Bir de madalyonun diğer yüzü vardı. Bu gençlerin, seçim günü oy verecekleri CHP araçları geçerken yaptıkları lehte tezahürat tam bir ibretlikti. Alkışlar gırla gidiyordu. Sonuçta başardılar. Ödemiş’e yanız şehircilik olarak değil, AKP hükümetinin imkânlarını da seferber ederek Ödemiş’imize kazandırılan; 25 yılda hiçbir mesafe alınamayan Beydağ Barajı ve Ödemiş-İzmir arasında sefere konulan, lüks, ucuz ve sık saatlerde hizmet veren tren hattı, adeta uçak inecek genişlikte Ödemiş-Gölcük yolu. Yaylalara veya denize tatil için gitme imkânı olmayan insanımızın nefes alacağı bir alan olan Kültürpark ve daha onlarca mahalli parklar ve çocuk bahçeleri daha fazla saymaya ne yerim ne zamanım olan hizmetleri başarı ile yapan Belediye Başkanı Mahmut Badem’i MHP seçtirtmedi. İşin en ironik ve trajik yanını hiç görmediler, hatırlatan da olmadı galiba. Kendi partilerinin (MHP) de koç gibi bir belediye başkan Adayı da vardı: Tertemiz bir kardeşimiz, vefakâr ülkücü ağabeyleri Mehmet Dumanlı’ya hakaret değil mi idi yaptıkları? Mehmet Dumanlı kardeşime bunu hatırlattığımda, ben bir ideal adamıyım. Partimin aday çıkarmasına yardım ettim dedi. Böyle particilik olmaz ama MHP yönetimleri bunu da icat ettiler. Partiler seçim için vardır. Şansın var veya yok. Kendi adayına sonuna kadar sahip çıkıp onun oyunu çoğaltmak gerektiğini de öğretmemişler bu yeni yetmelere. Yaptıkları Mehmet Dumanlı’ya hakaret değildi de ne idi?
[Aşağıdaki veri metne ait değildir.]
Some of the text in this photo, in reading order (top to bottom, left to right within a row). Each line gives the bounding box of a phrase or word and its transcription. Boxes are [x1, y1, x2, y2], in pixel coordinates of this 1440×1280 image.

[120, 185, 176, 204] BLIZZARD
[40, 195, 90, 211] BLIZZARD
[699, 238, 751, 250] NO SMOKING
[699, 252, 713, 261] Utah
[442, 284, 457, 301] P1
Gelelim son günlerdeki kaset olaylarına:
12 Eylül 2010 Referandumunda MHP’nin takındığı tavır, kendi tabanında ciddi bir erime ve söküne yol açmıştı. Son kasetler çıkmasaydı bile MHP güvelerin lime lime ettiği bir kumaş parçasına dönmüştü.
Gelelim işin en acıklı yönüne
Beğenin beğenmeyin; MHP’yi MHP olarak var eden “VATANSEVERLİK” ÜLKÜSÜDÜR. Soğuk Savaş yıllarının Komünizm tehlike ve tehdidine ağır bedeller ödeyerek gelinmişti bu günlere. Ağır işkenceler, uzun hapishane yılları, idam sehpalarının yanı sıra, eli silahlı solculara tanına hoşgörünün (gerek devlet gerek adi basın organlarınca) binde biri tanınmayan kayıp bir gençlik! Hayatta kalabilenler, hayata tutunabilenler (Mustafa Basmacı örneğinde olduğu gibi) küsmeden, kırılmadan ama kısık bir mum ışığı gibi; MHP çatısı altında bir umut ile ideallerini sürdürmüşlerdir.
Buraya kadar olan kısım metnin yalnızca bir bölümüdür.